*TASK TO COMPLETE:* For every record below, repeat the text exactly and pass over any image.

*SOURCE INFORMATION:*
::::::::

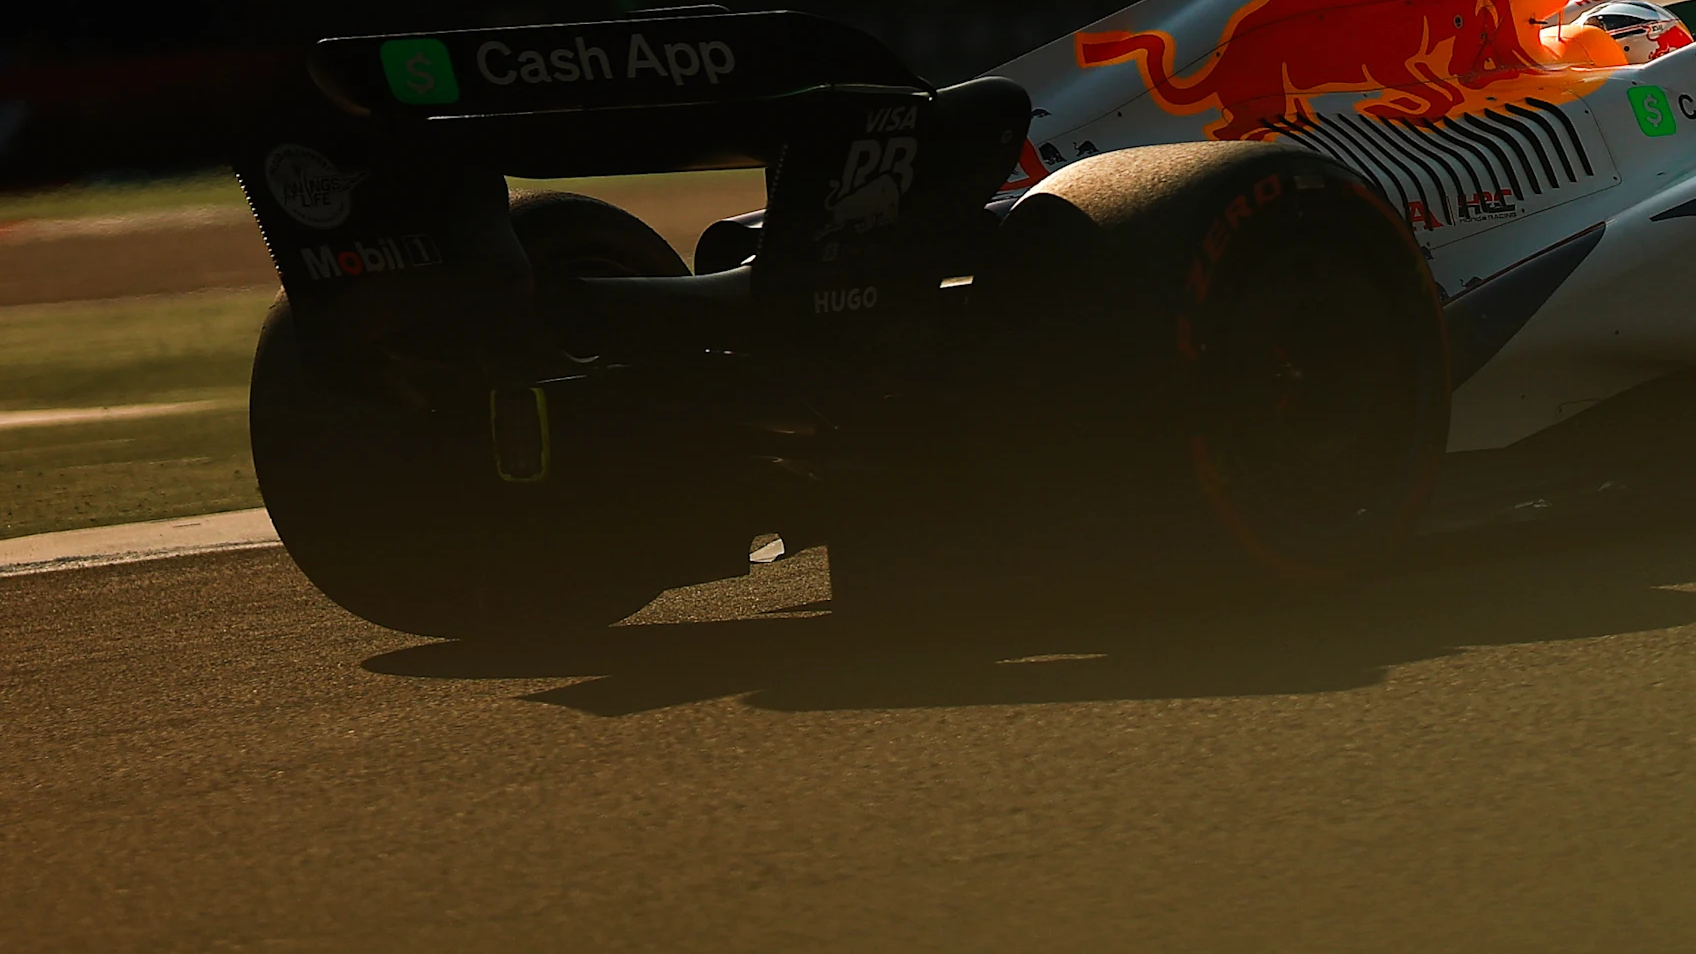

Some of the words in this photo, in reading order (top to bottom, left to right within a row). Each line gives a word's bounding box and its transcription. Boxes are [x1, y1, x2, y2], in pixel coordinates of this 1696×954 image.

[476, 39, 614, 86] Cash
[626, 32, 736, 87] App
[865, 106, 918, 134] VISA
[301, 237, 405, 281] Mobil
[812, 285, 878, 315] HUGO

::::::::

*COMPLETED TASK:*
Some of the words in this photo, in reading order (top to bottom, left to right within a row). Each line gives a word's bounding box and its transcription. Boxes are [x1, y1, x2, y2], in pixel coordinates of this 1696×954 image.

[476, 39, 614, 86] Cash
[626, 32, 736, 87] App
[865, 106, 918, 134] VISA
[301, 237, 405, 281] Mobil
[812, 285, 878, 315] HUGO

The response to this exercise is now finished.